He also expresses concern that researchers should not focus simply on the microbial communities colonized on the relics, but also pay more attention to their interactions with the surrounding environment and the materials of their making — more specifically, their reactions to changes in sunshine, water and salts — in order to form more comprehensive conservation plans based on scientific results.

For the past two decades, Gu has been continuously joining conservation projects for the Angkor Archaeological Park in Cambodia, also a UNESCO World Heritage Site, in collaboration with his Japanese counterparts to study and protect the Bayon Temple.

Gu's report during the symposium on June 21, working with Yoko Katayama, researcher at the Tokyo National Research Institute for Cultural Properties, suggests that under the tropical climate, colonization of plants and microbes on stone allows more fluctuation in thermal and water regimes, resulting in dissolution of selective minerals in sandstone, which enlarges its pores and porosity.

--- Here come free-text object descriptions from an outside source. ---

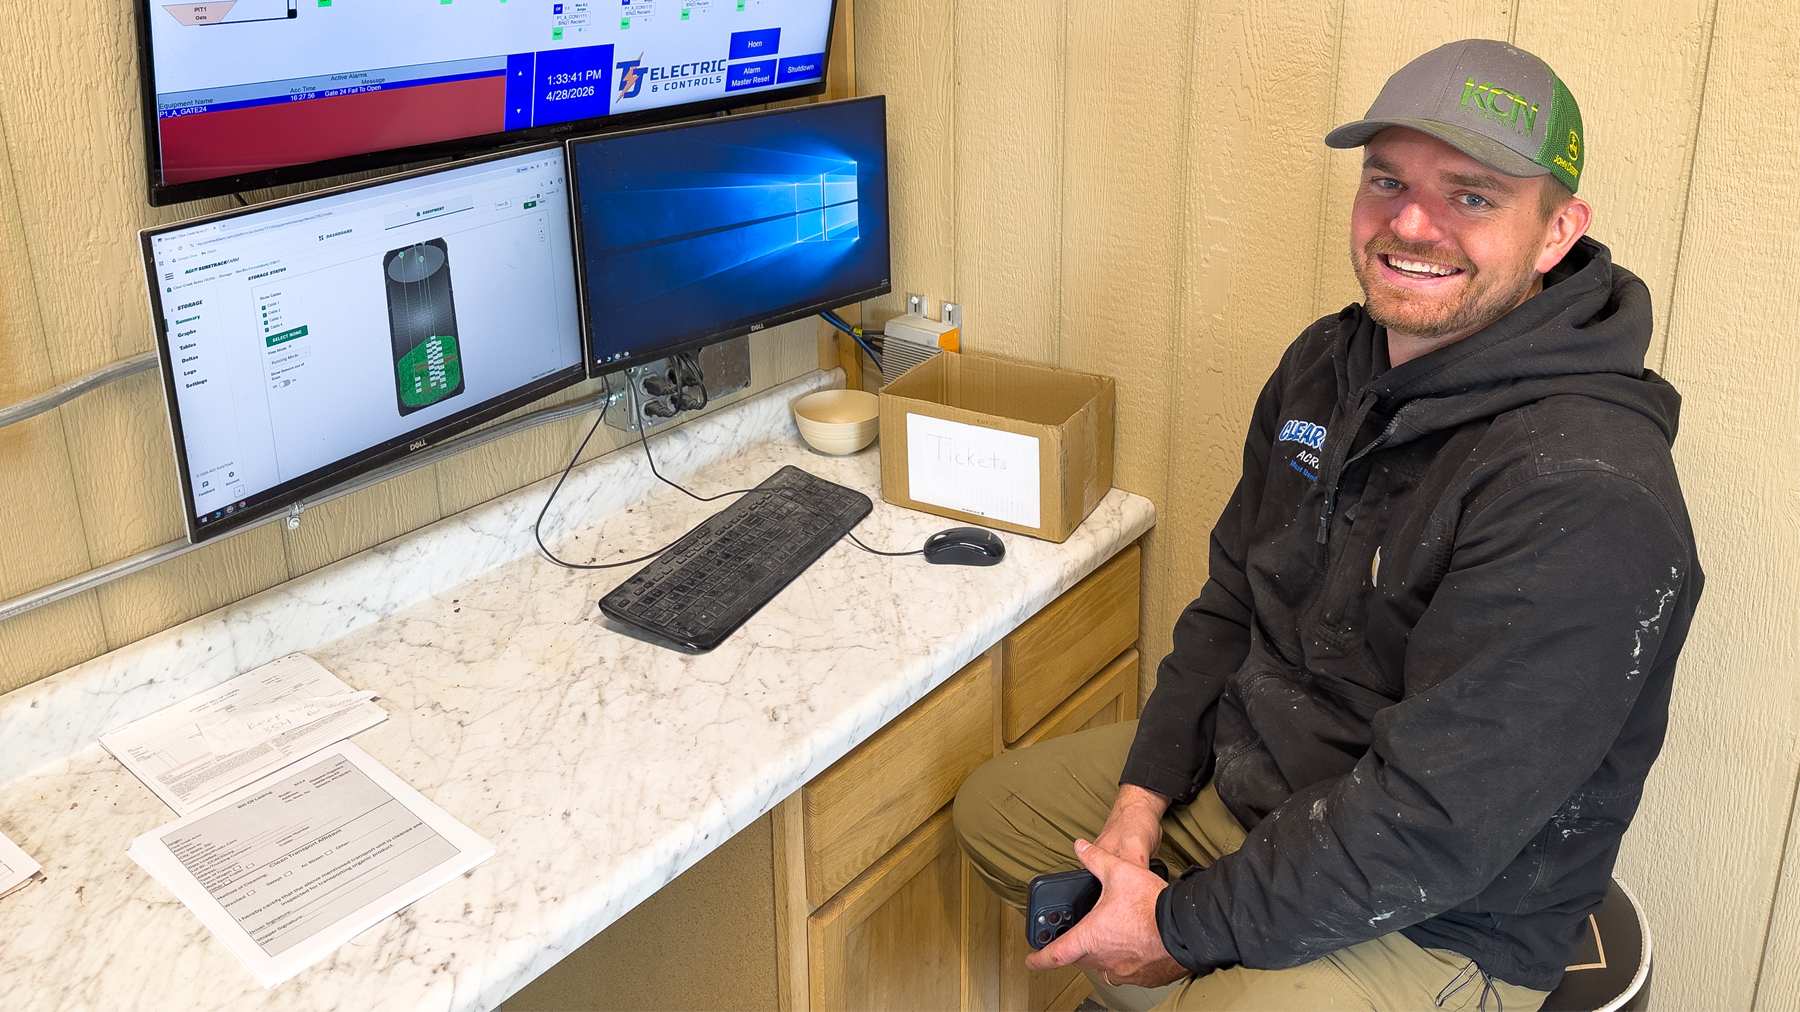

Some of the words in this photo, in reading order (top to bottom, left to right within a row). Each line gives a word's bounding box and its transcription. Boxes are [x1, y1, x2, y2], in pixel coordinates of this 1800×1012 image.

[650, 59, 727, 81] ELECTRIC
[788, 64, 814, 74] Shutdown
[547, 73, 582, 86] 1:33:41
[586, 69, 602, 80] PM
[732, 77, 752, 87] Master
[753, 75, 770, 84] Reset
[652, 84, 658, 93] &
[664, 76, 722, 91] CONTROLS
[546, 86, 594, 101] 4/28/2026
[160, 100, 193, 109] Equipment
[1460, 77, 1539, 131] KCN
[160, 106, 207, 117] P1_A_GATE24
[551, 124, 574, 133] SONY
[1554, 155, 1568, 169] JOHN
[423, 206, 444, 215] EQUIPMENT
[326, 228, 352, 238] DASHBOARD
[248, 272, 268, 281] STORAGE
[270, 267, 286, 275] STATUS
[177, 300, 203, 310] STORAGE
[175, 315, 200, 325] Summary
[751, 323, 764, 331] DELL
[178, 329, 196, 338] Graphs
[272, 334, 288, 343] SELECT
[186, 379, 208, 388] Settings
[1278, 420, 1327, 450] CLEAR
[410, 438, 427, 451] DELL
[925, 432, 1007, 470] Tickets
[1296, 450, 1319, 470] ACR
[1290, 460, 1302, 472] West
[1302, 468, 1318, 482] Bend
[254, 791, 272, 801] Lading
[269, 856, 289, 868] Clean
[288, 842, 318, 858] Transport
[317, 829, 342, 843] Affidavit
[242, 908, 262, 920] hereby
[262, 898, 281, 909] certify
[304, 877, 321, 887] above
[322, 861, 350, 877] mentioned
[351, 848, 375, 862] transport
[392, 828, 413, 840] cleaned
[281, 889, 310, 906] inspected
[319, 867, 352, 886] transporting
[352, 856, 372, 868] organic
[372, 844, 394, 857] product.
[225, 895, 246, 907] Washed
[266, 877, 282, 886] Swept
[309, 855, 324, 864] Blown
[218, 889, 237, 900] Method
[250, 925, 265, 934] Driver
[257, 930, 277, 942] Shipper

The soluble salts, when concentrated in the drying process, can be transported back into sandstone by capillary action, triggering salting-out effect. The outer surface of the sandstone structures can peel off by the internal pressure generated by the crystallization of salts.

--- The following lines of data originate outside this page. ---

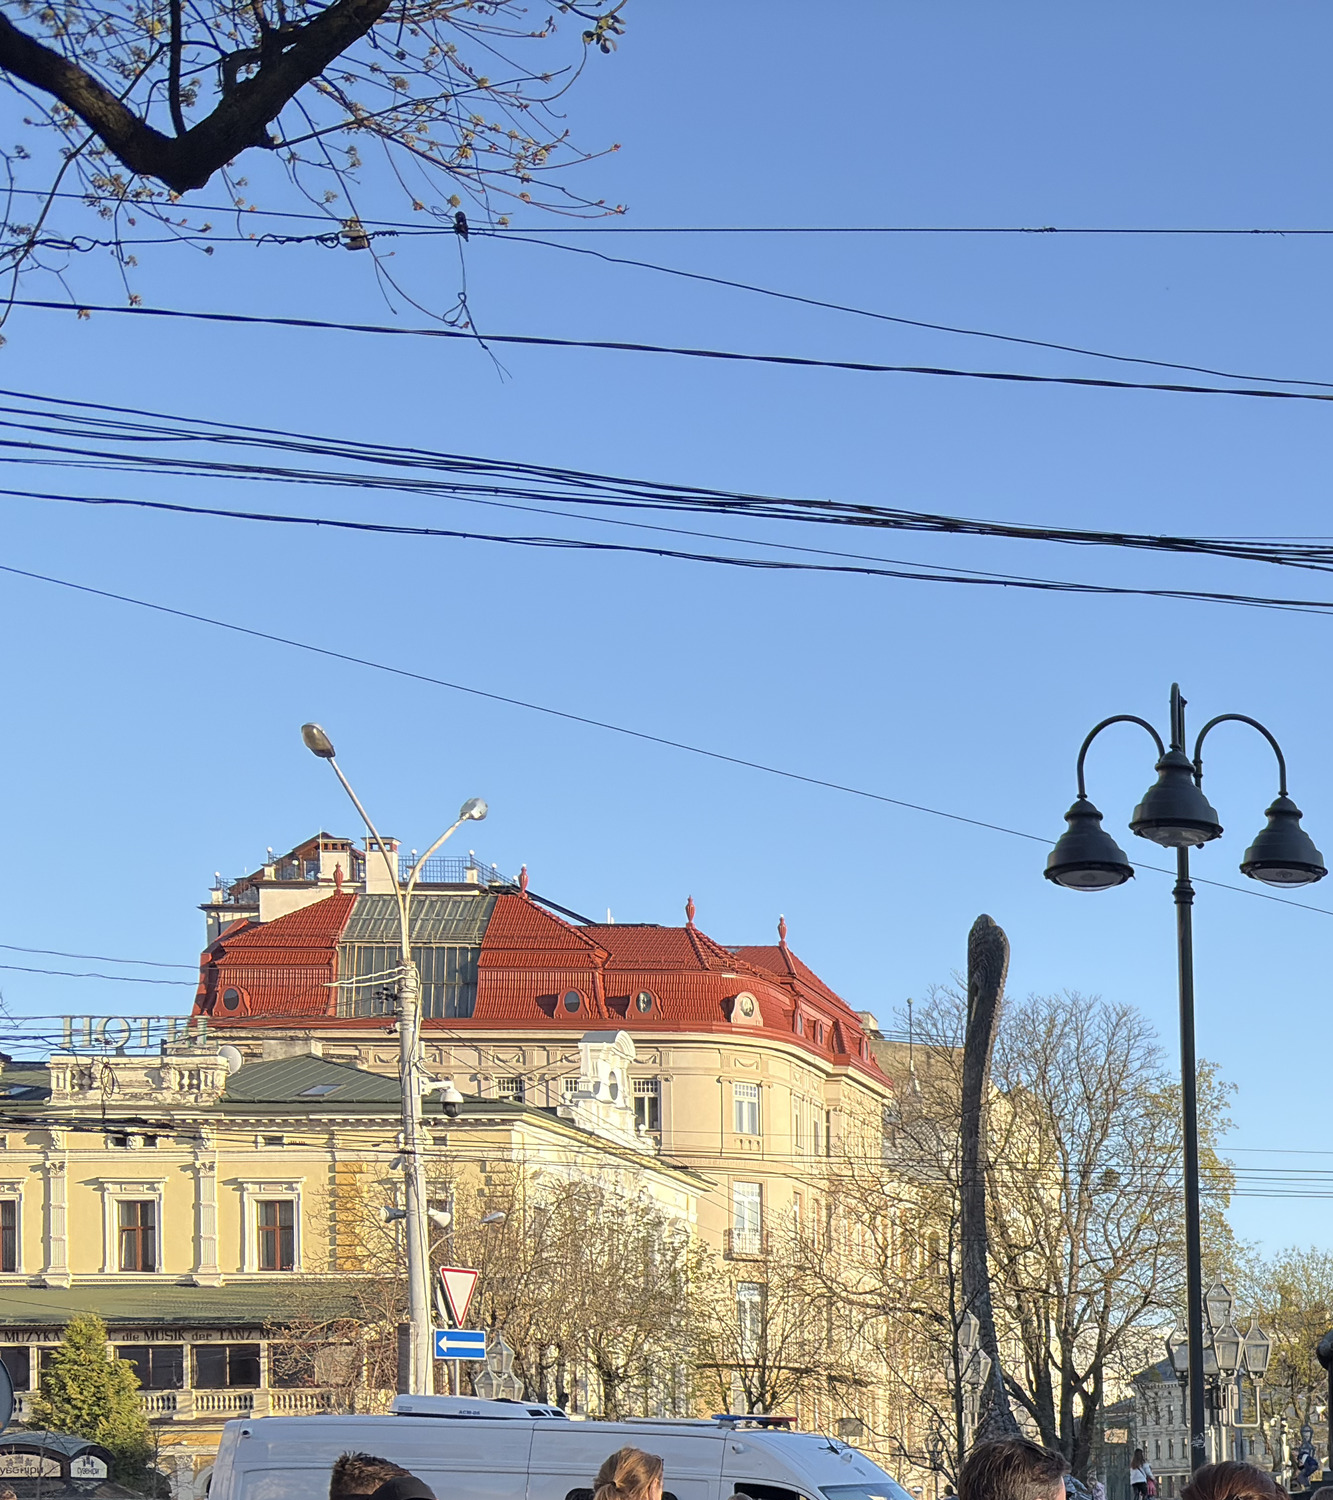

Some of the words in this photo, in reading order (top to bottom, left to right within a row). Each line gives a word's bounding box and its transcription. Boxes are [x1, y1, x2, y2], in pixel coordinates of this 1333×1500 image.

[60, 1015, 218, 1048] HOTEL
[4, 1330, 61, 1342] MUZYKA
[143, 1330, 185, 1341] MUSIK
[191, 1331, 213, 1340] der
[219, 1328, 253, 1340] TANZ

Their research expounds on how microbes can contribute in a number of ways to affect the physical and chemical processes involved in sandstone deterioration and has demonstrated how biochemical reactions driven by microbes facilitate the accumulation of highly concentrated nitrate on the sandstone of Bayon Temple, while dissolution of calcite in sandstone further increases water retention and therefore improves microbial colonization and activities.

All these findings indicate the urgency to formulate a holistic approach to investigate the biodeterioration mechanisms of Angkor's sandstone temples and monuments, centered particularly on the materials-water-microbiome continuum, according to Gu.

As cycles of sulfur, nitrogen and carbon catalyzed by microbes can accelerate the corrosion of sandstone, intervention measures against microorganisms to inhibit their proliferation by controlling available water nutrients are fundamental. And in some parts of the Bayon Temple, they endeavor to improve drainage to keep the sandstone surface dry, Gu adds.